To complete this task, print all the data below exactly but leave out the images.
--- START ---
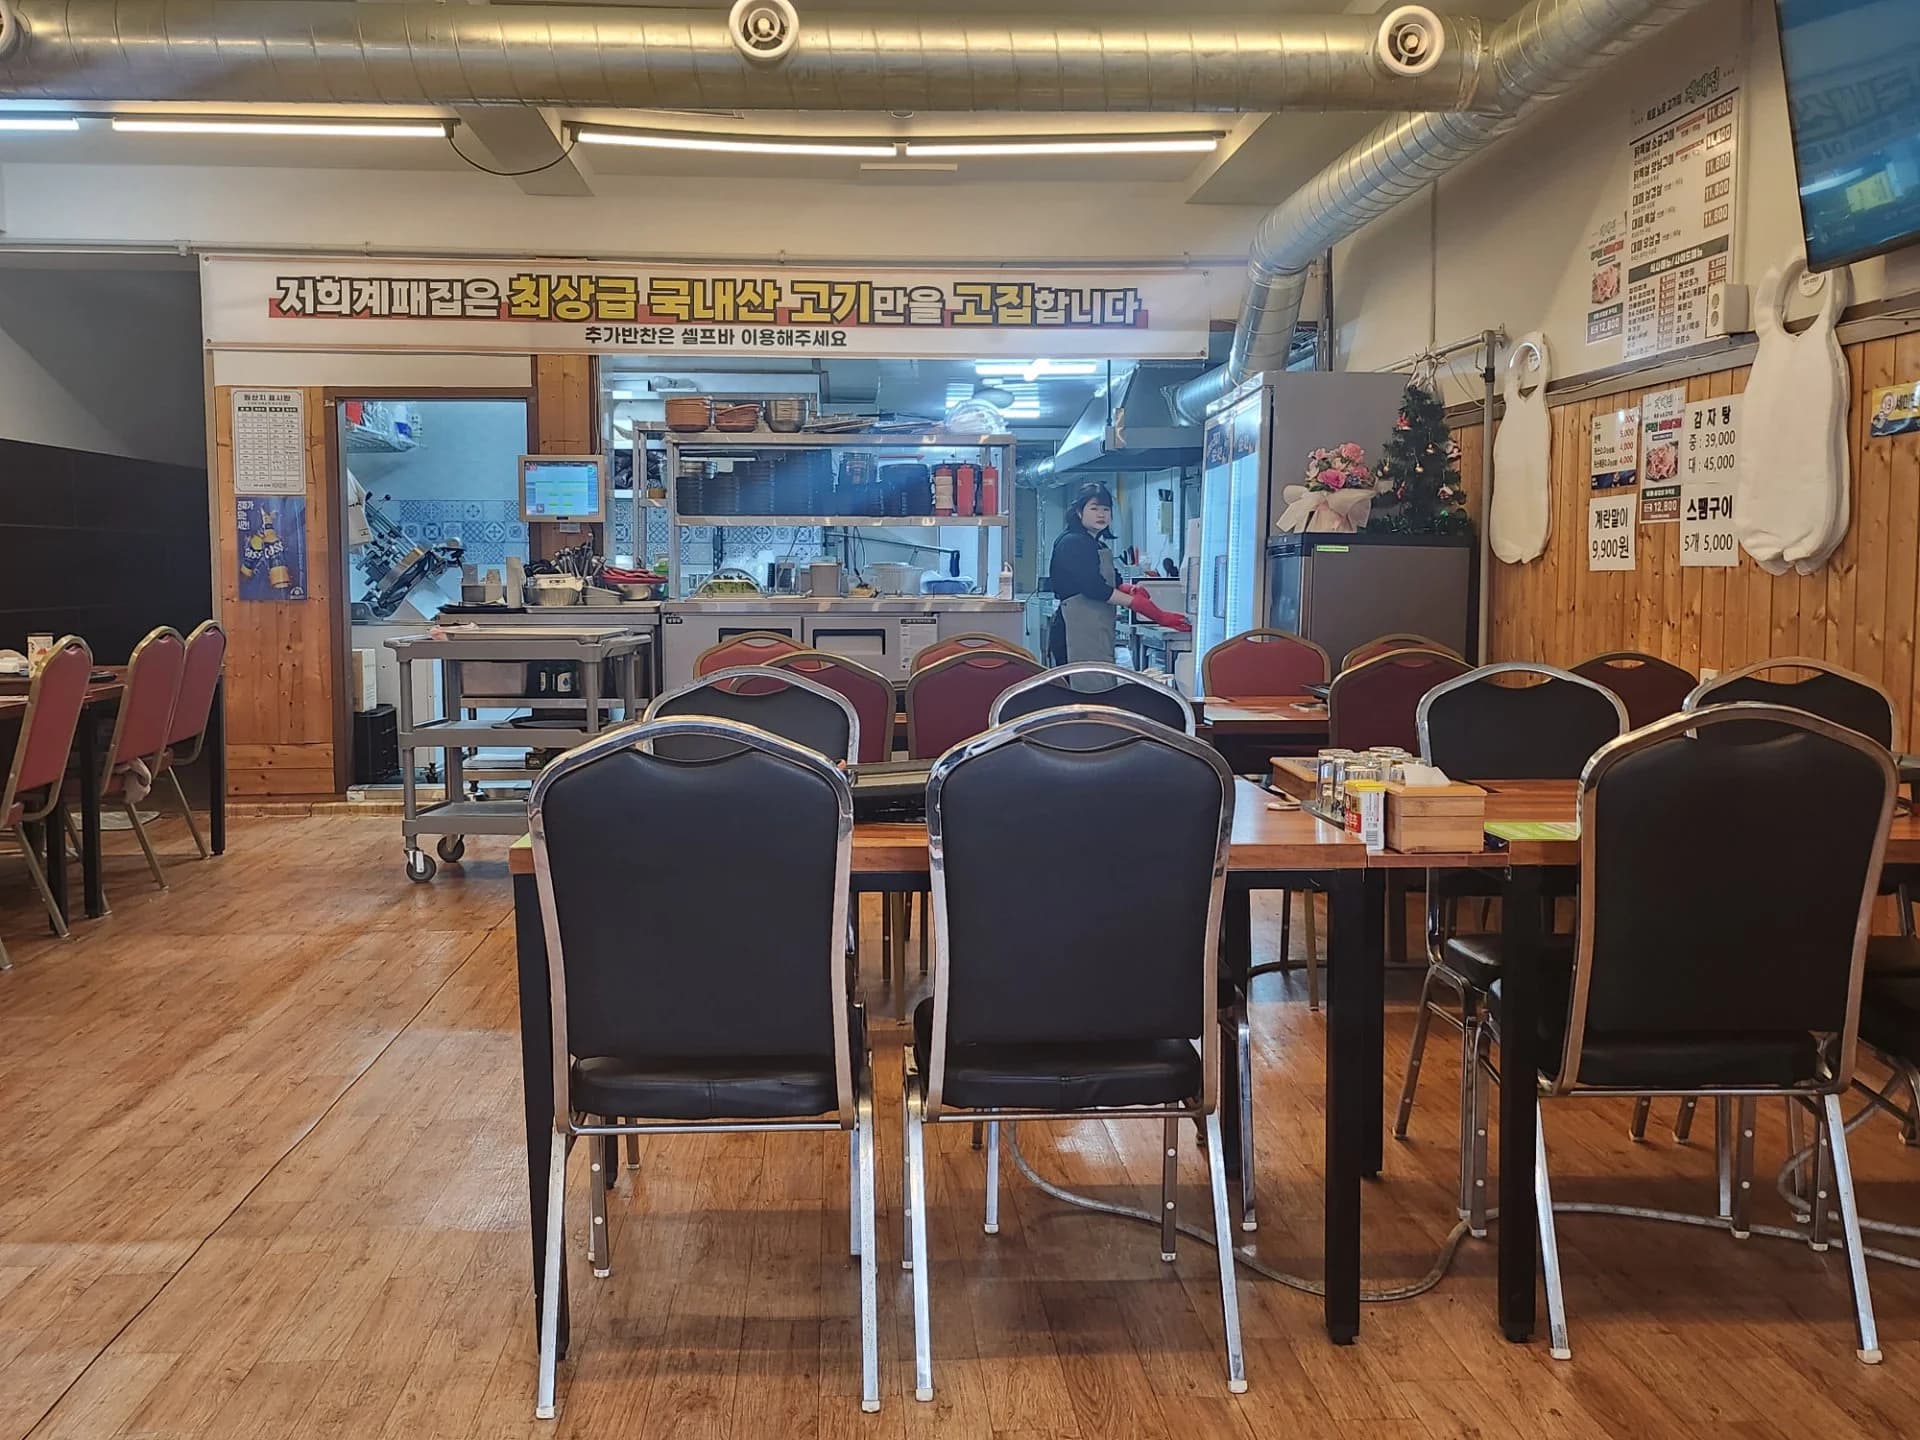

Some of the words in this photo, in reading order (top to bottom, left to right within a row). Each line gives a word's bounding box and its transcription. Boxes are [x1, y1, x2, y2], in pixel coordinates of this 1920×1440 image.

[277, 276, 499, 318] 저희계패집은
[510, 273, 638, 321] 최상급
[648, 277, 781, 323] 국내산
[789, 279, 946, 327] 고기만을
[953, 281, 1144, 328] 고집합니다
[585, 326, 675, 345] 추가반찬은
[681, 327, 734, 346] 셀프바
[741, 328, 847, 347] 이용해주세요
[1704, 430, 1736, 448] 39,000
[1688, 456, 1696, 473] 대
[1703, 454, 1735, 472] 45,000
[1595, 507, 1629, 529] 계란말이
[1686, 495, 1734, 521] 스팸구이
[1592, 535, 1630, 560] 9,900원
[1684, 533, 1700, 552] 5개
[1703, 533, 1734, 553] 5,000
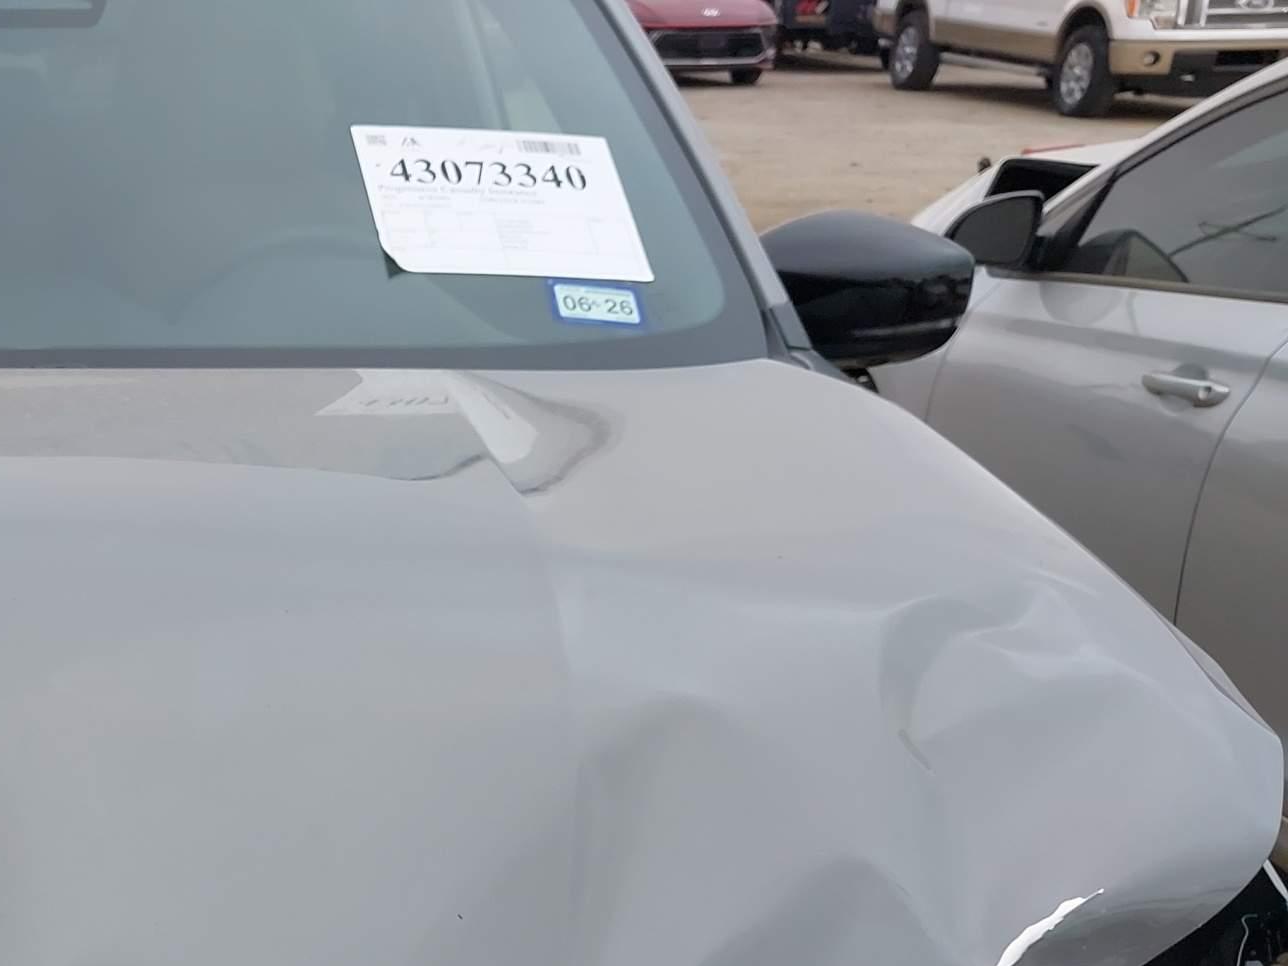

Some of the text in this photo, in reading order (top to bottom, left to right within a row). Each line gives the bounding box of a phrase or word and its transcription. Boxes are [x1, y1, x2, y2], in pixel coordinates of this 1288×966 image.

[390, 157, 588, 190] 43073340
[561, 293, 633, 316] 06 26
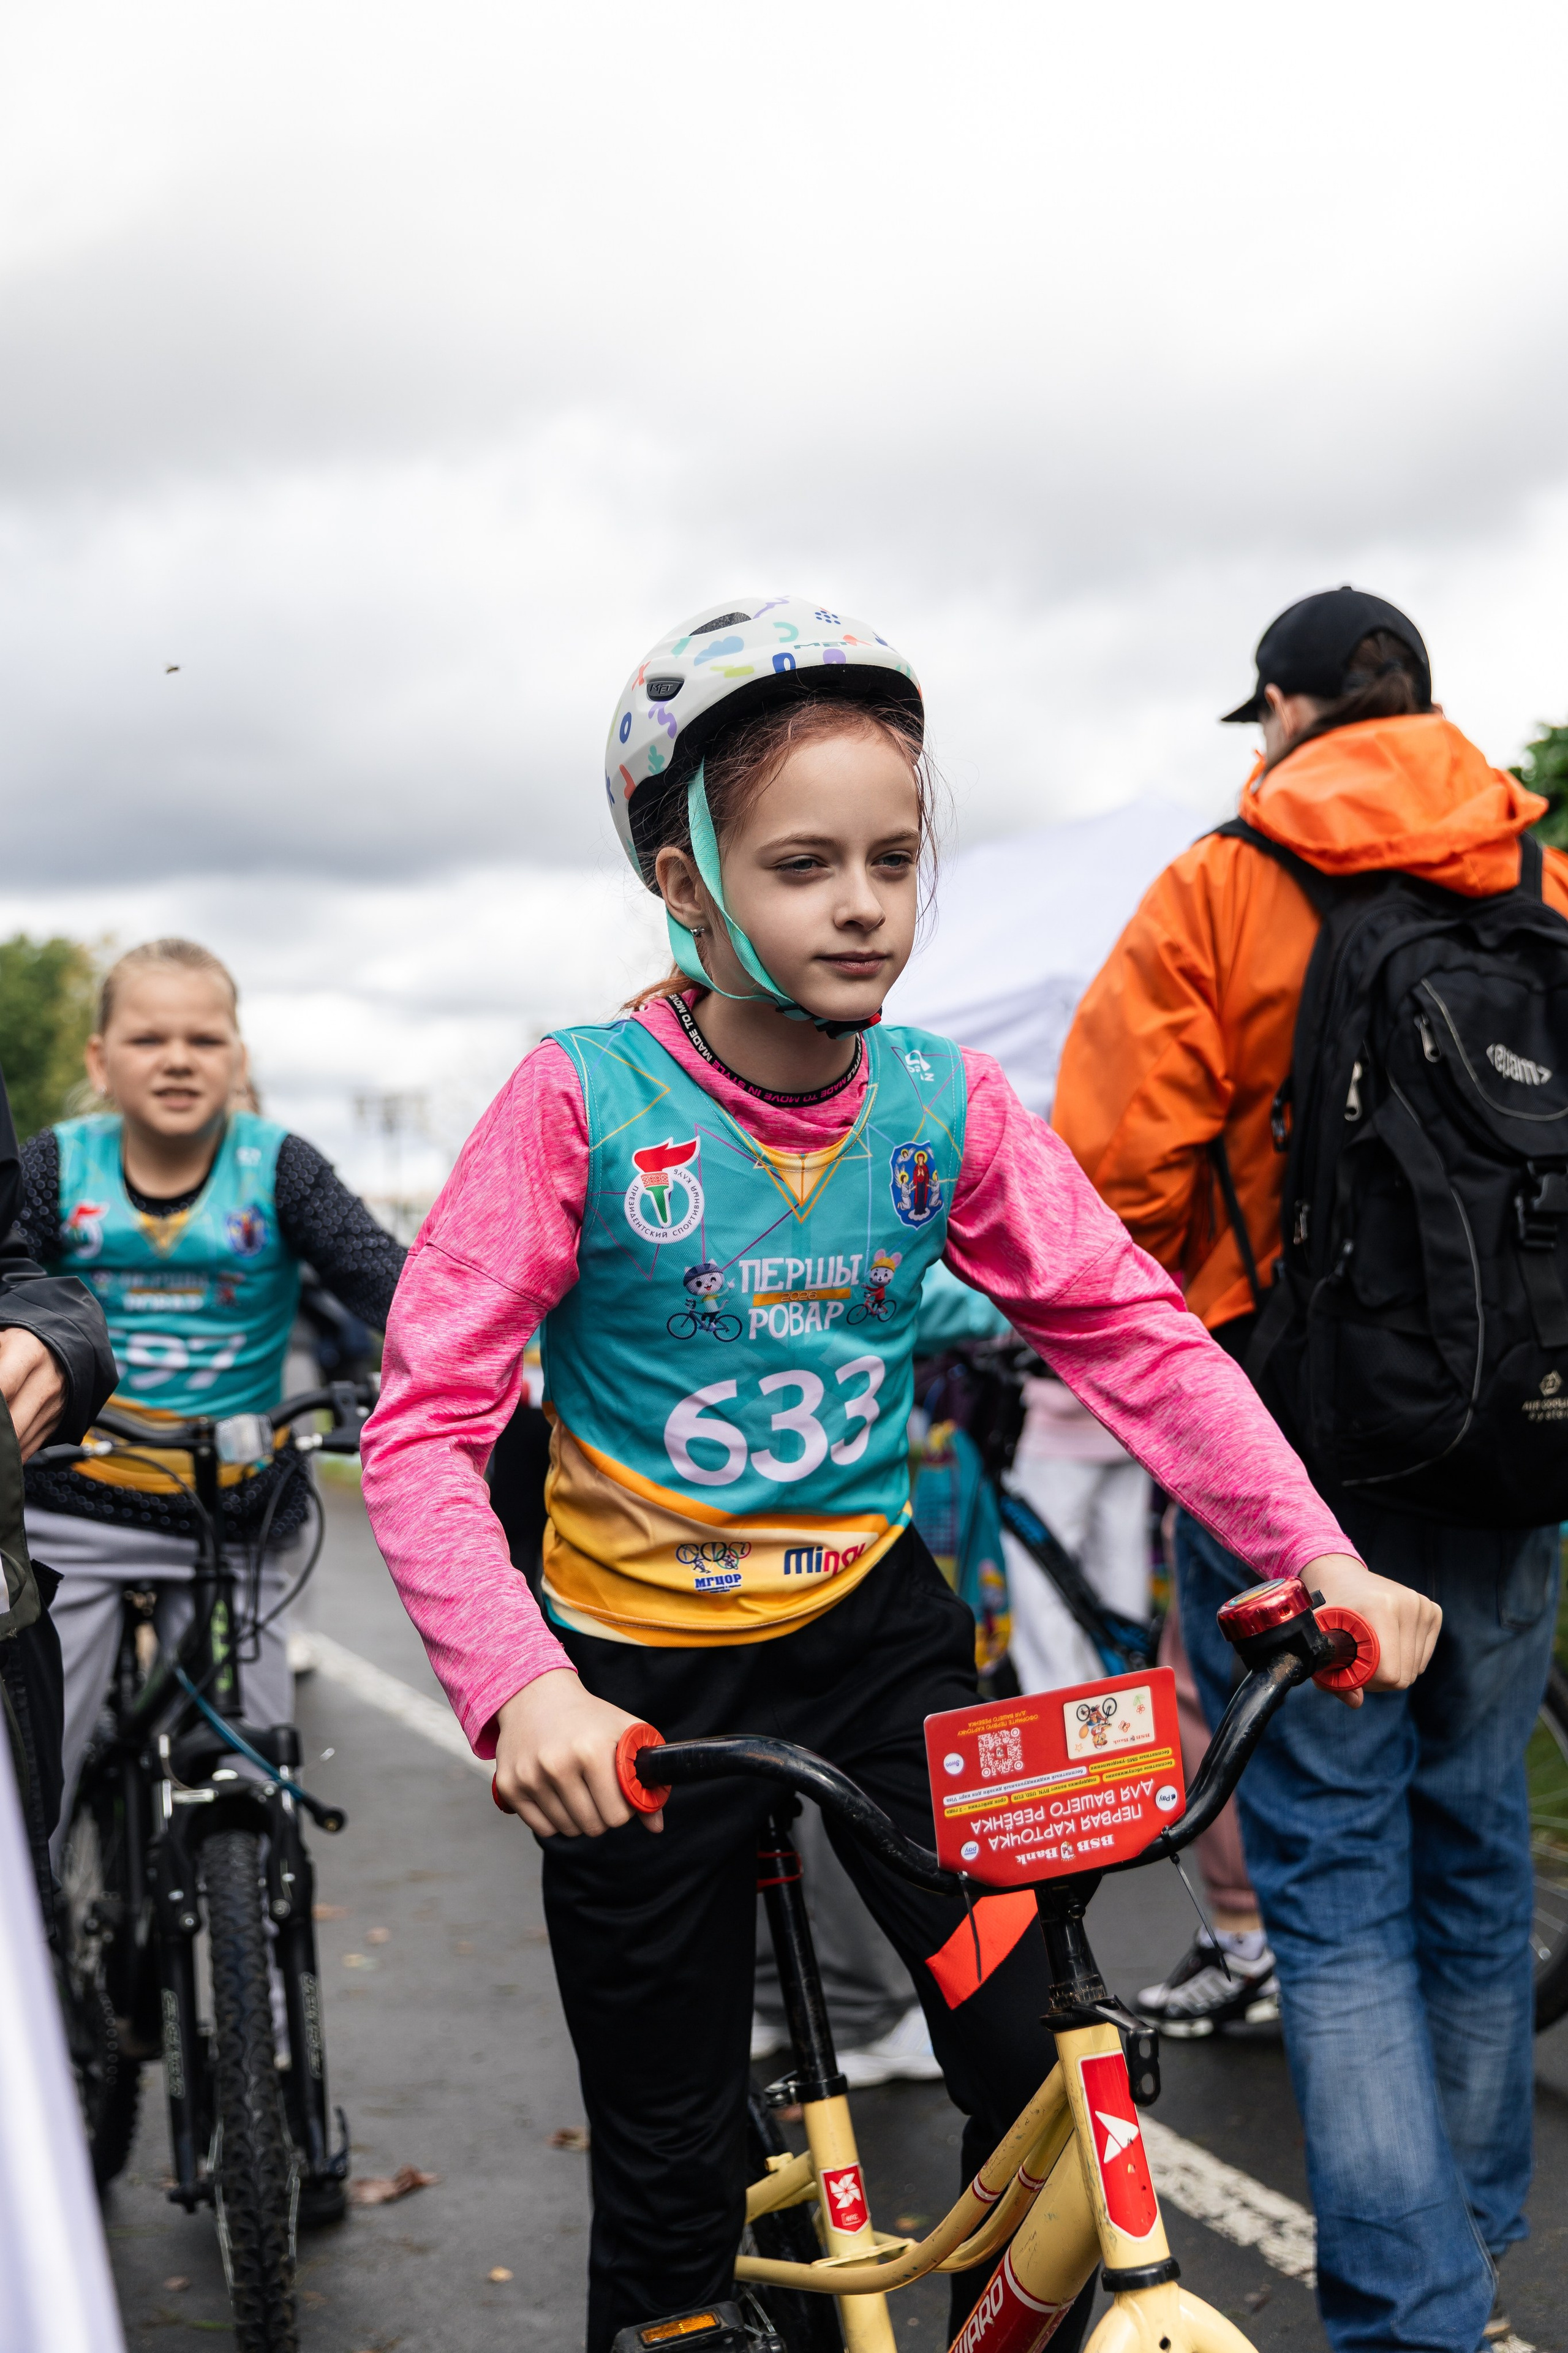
--- END ---
» **TASK OUTPUT**:
Some of the words in this photo, in reading order (top to bottom, left to right within a row). Each line gives a word's bounding box and its transcription. Boxes are [x1, y1, x2, y2], in pixel coordinates of this 1920×1440 image.

[277, 276, 499, 318] 저희계패집은
[510, 273, 638, 321] 최상급
[648, 277, 781, 323] 국내산
[789, 279, 946, 327] 고기만을
[953, 281, 1144, 328] 고집합니다
[585, 326, 675, 345] 추가반찬은
[681, 327, 734, 346] 셀프바
[741, 328, 847, 347] 이용해주세요
[1704, 430, 1736, 448] 39,000
[1688, 456, 1696, 473] 대
[1703, 454, 1735, 472] 45,000
[1595, 507, 1629, 529] 계란말이
[1686, 495, 1734, 521] 스팸구이
[1592, 535, 1630, 560] 9,900원
[1684, 533, 1700, 552] 5개
[1703, 533, 1734, 553] 5,000

Some of the text in this photo, in reading order (top to bottom, left to right within a row). Each line gives the bounding box of a phrase or word and its transcription. Boxes are [x1, y1, x2, y2], in pixel coordinates of this 1288×966 image.

[390, 157, 588, 190] 43073340
[561, 293, 633, 316] 06 26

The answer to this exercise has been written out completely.